Относительно роли умственного труда замечали прежде всего, что он не представляет никакой «затраты», не требует никакого замещения использованных веществ и вследствие всего этого не повышает стоимость продукта, в силу чего меновую ценность может представлять лишь мускульный труд. Когда, возражая на это, говорили, что и психическая сила истощается, что и она подобно физической должна поддерживаться и возмещаться путем питания, то при этом обыкновенно упускали из виду ту долю истины, которая несомненно заключается в этой теории, хотя бы и в качестве лишь инстинктивного чувства. Участие ума в производстве продукта обнаруживает две стороны, которые должно строго отличать друг от друга. Если столяр изготовляет в настоящую минуту стул по давно известному образцу, то, конечно, делает он это не без затраты психической энергии, – его рукою управляет сознание.

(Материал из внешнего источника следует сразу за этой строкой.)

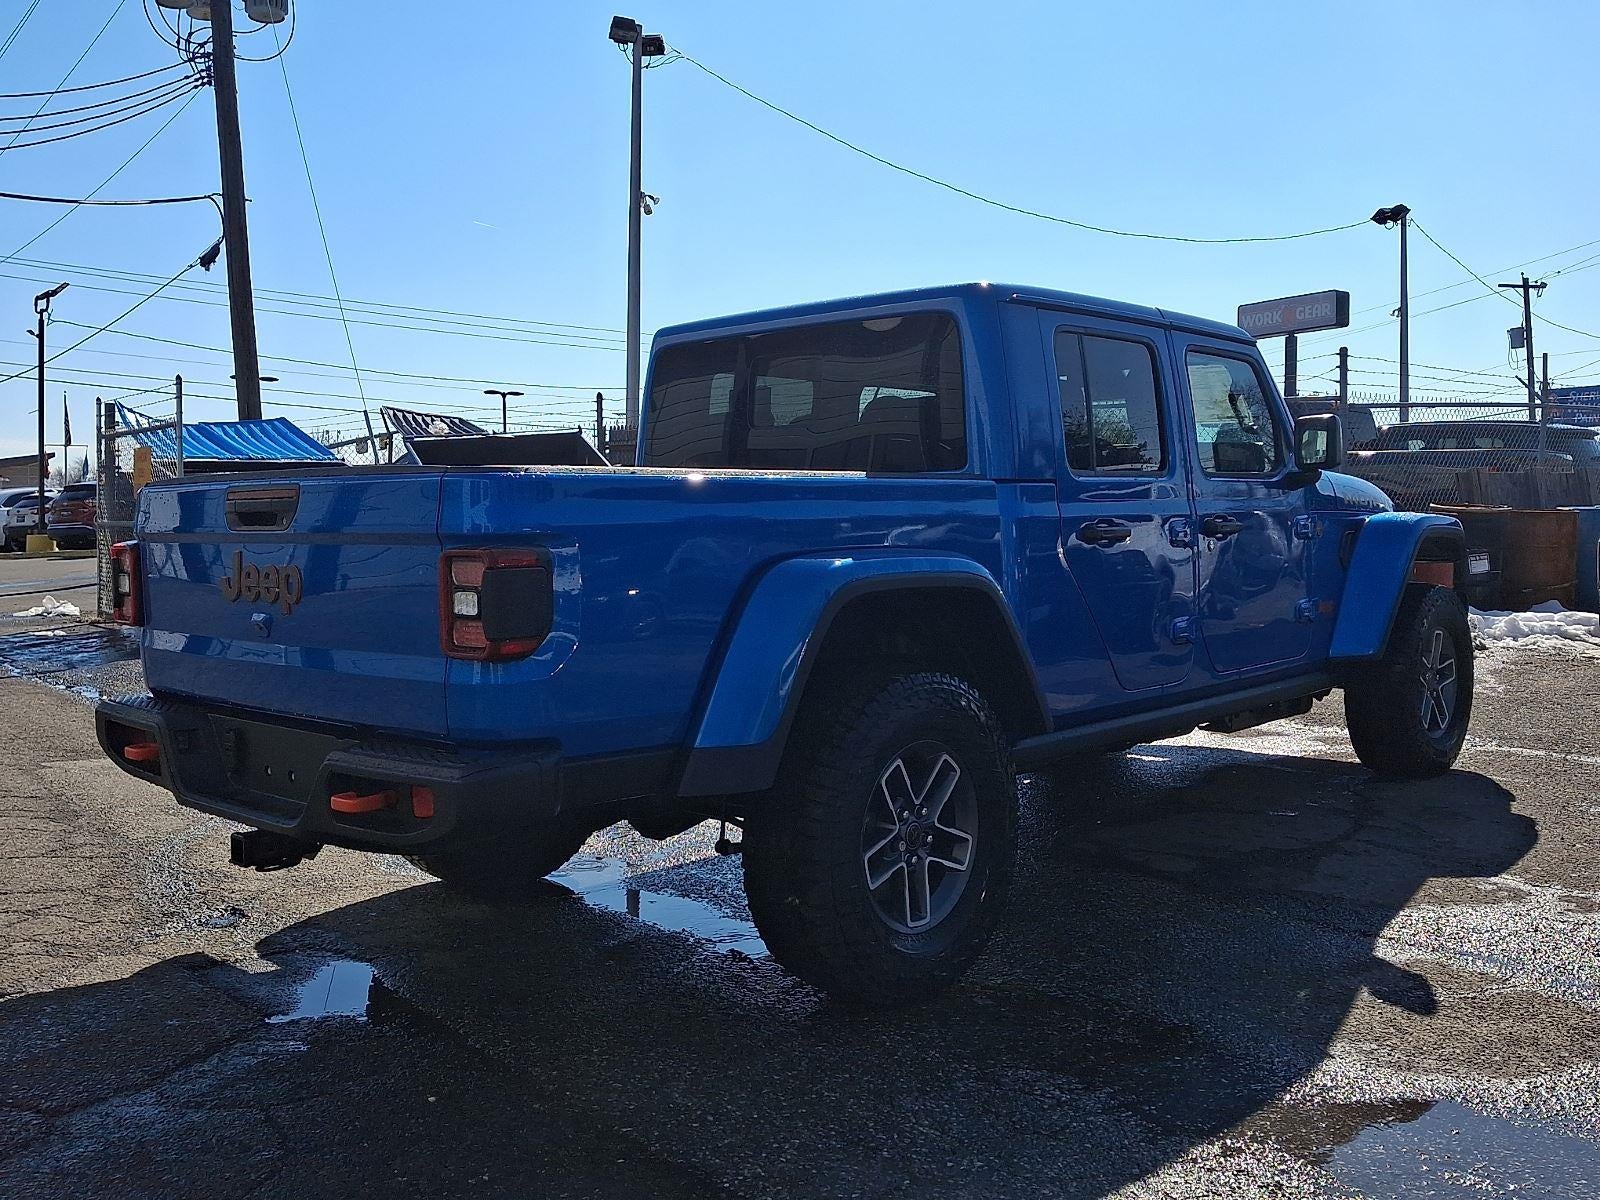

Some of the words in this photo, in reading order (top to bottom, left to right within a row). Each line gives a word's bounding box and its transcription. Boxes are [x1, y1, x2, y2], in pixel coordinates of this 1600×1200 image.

[1241, 308, 1283, 328] WORK
[1296, 303, 1332, 320] GEAR
[219, 550, 302, 616] Jeep
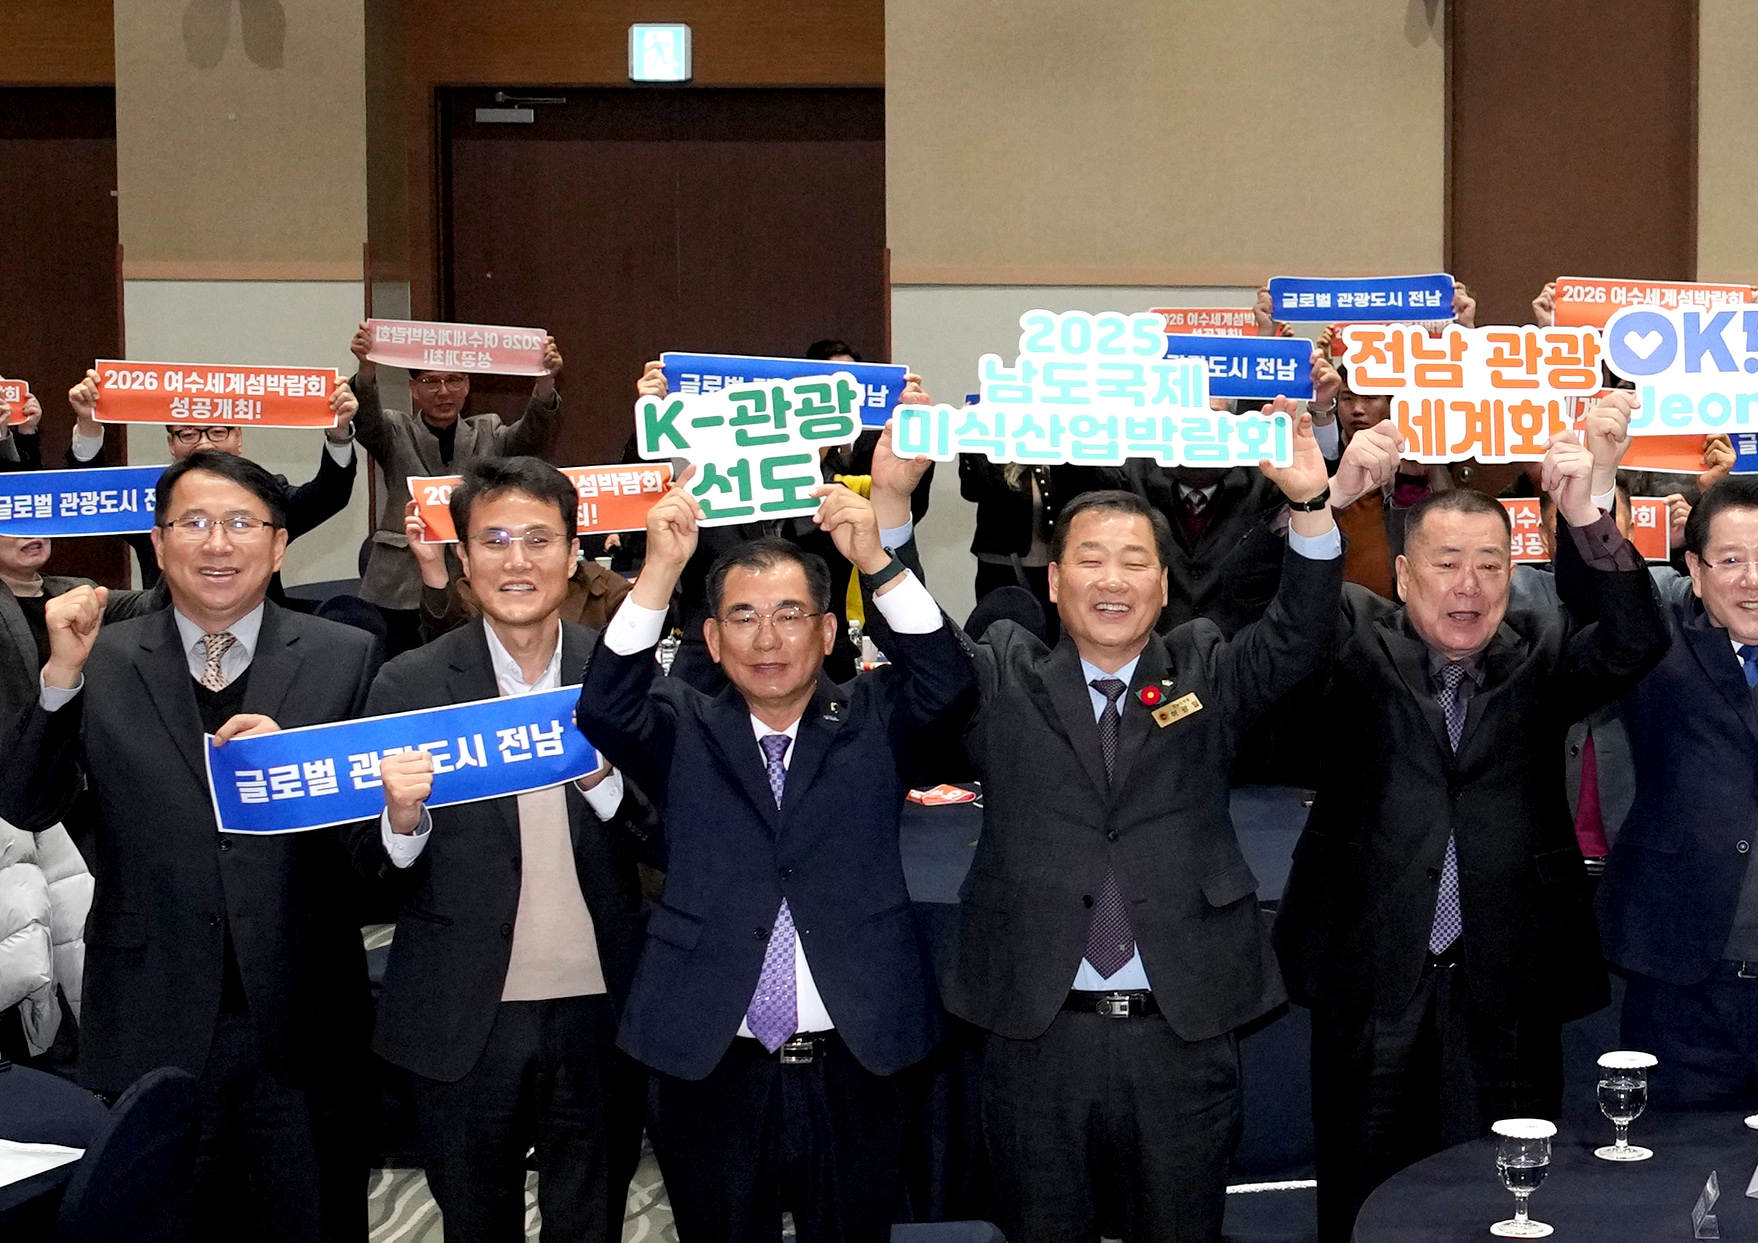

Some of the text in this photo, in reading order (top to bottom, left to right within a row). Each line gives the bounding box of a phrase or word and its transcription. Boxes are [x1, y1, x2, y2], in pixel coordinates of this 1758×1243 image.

[1282, 290, 1442, 309] 글로벌 관광도시 전남
[1562, 286, 1606, 303] 2026
[1025, 315, 1162, 356] 2025
[1255, 357, 1298, 381] 전남
[1350, 329, 1600, 389] 전남 관광
[104, 370, 326, 397] 2026 여수세계섬박람회
[984, 359, 1203, 408] 남도국제
[169, 397, 262, 420] 성공개최!
[644, 379, 857, 452] K-관광
[1398, 399, 1567, 456] 세계화
[899, 409, 1288, 462] 미식산업박람회
[59, 489, 137, 517] 관광도시
[692, 454, 822, 519] 선도
[235, 720, 565, 804] 글로벌 관도시 전남
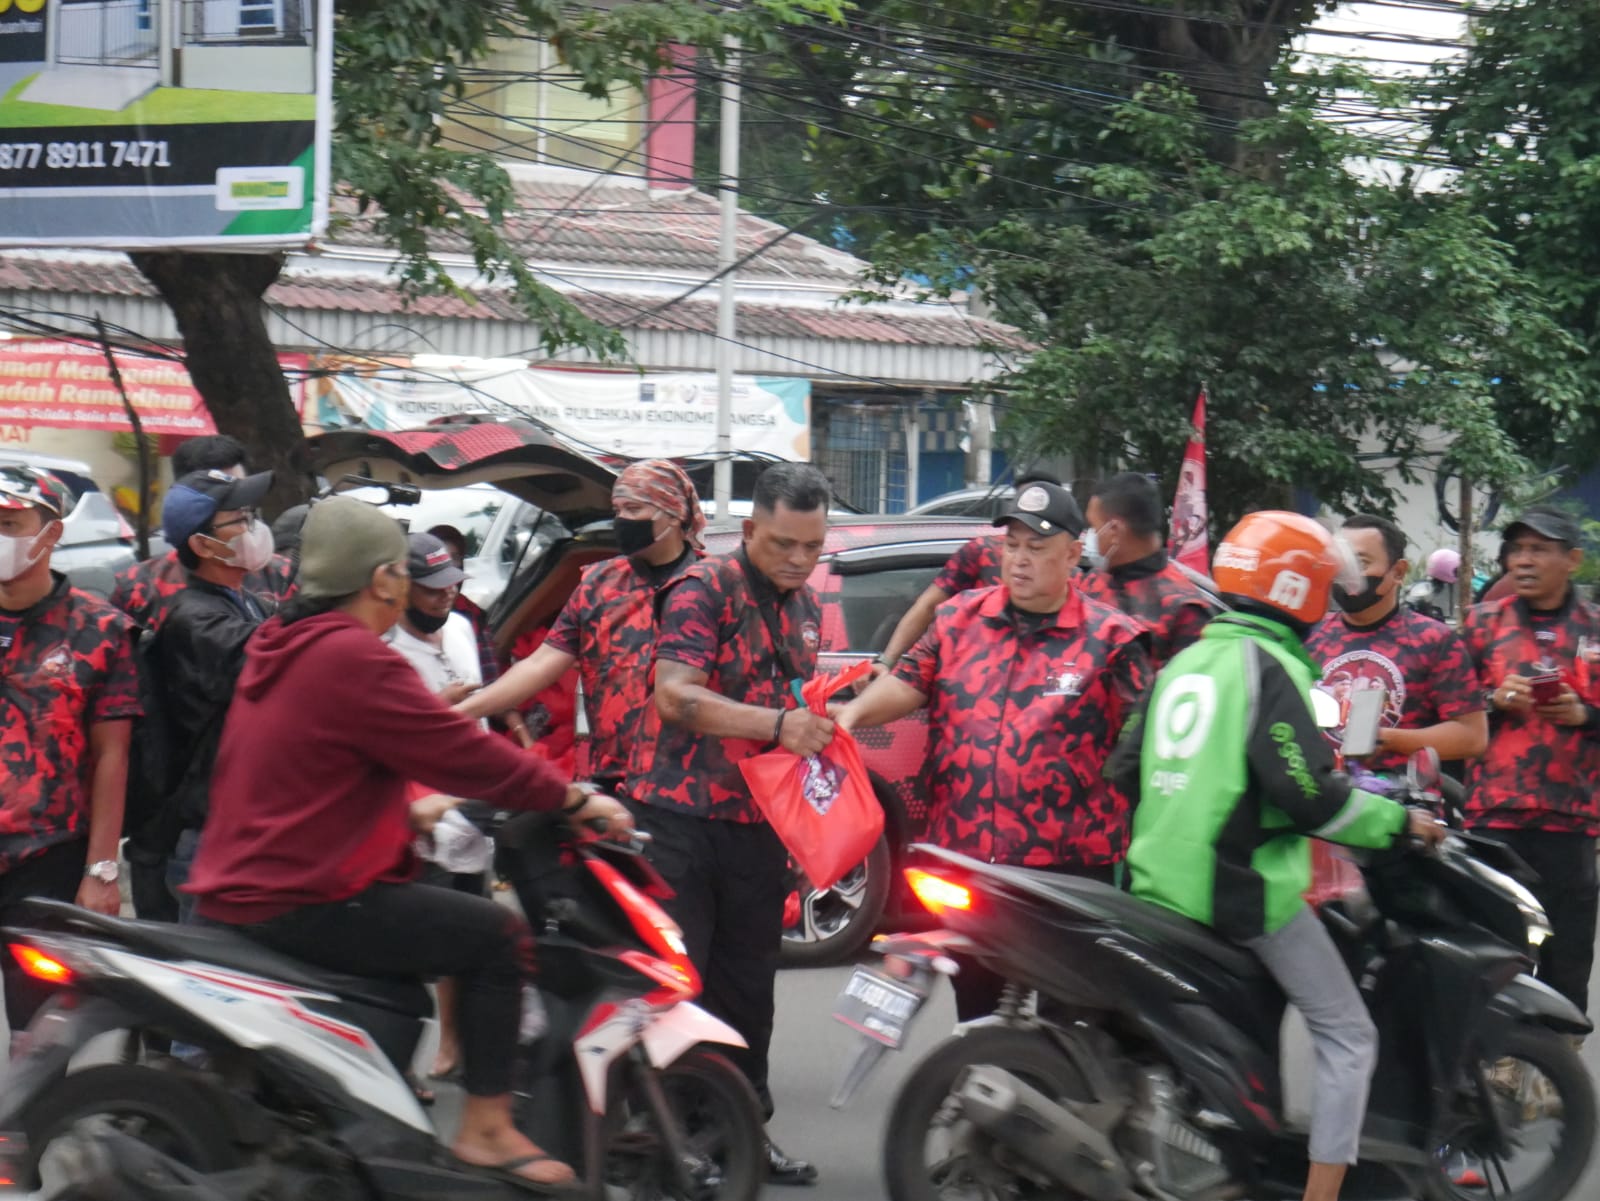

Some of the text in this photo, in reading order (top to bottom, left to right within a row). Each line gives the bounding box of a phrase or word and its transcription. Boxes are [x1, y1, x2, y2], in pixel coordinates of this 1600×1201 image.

[45, 142, 106, 169] 8911
[110, 140, 171, 168] 7471
[729, 412, 777, 427] ANGSA

Но ни в коем случае этим одним не исчерпывается весь психический элемент, вошедший в стул. Этот стул нельзя было бы произвести без психической деятельности того, который, быть может, несколько поколений тому назад изобрел эту форму стула и затраченная им при этом психическая энергия представляет практическое условие теперешнего производства стула. Но содержание этого второго психического процесса продолжает уже существовать, не требуя более никакой затраты на себя психической энергии – оно существует как традиция, как сделавшаяся объективной мысль, которую всякий может усвоить себе. В этой-то именно форме она и продолжает действовать в процессе производства столяра, образуя содержание психической функции, выполняемой, конечно, субъективной энергией столяра, воплощающего ее в форму продукта.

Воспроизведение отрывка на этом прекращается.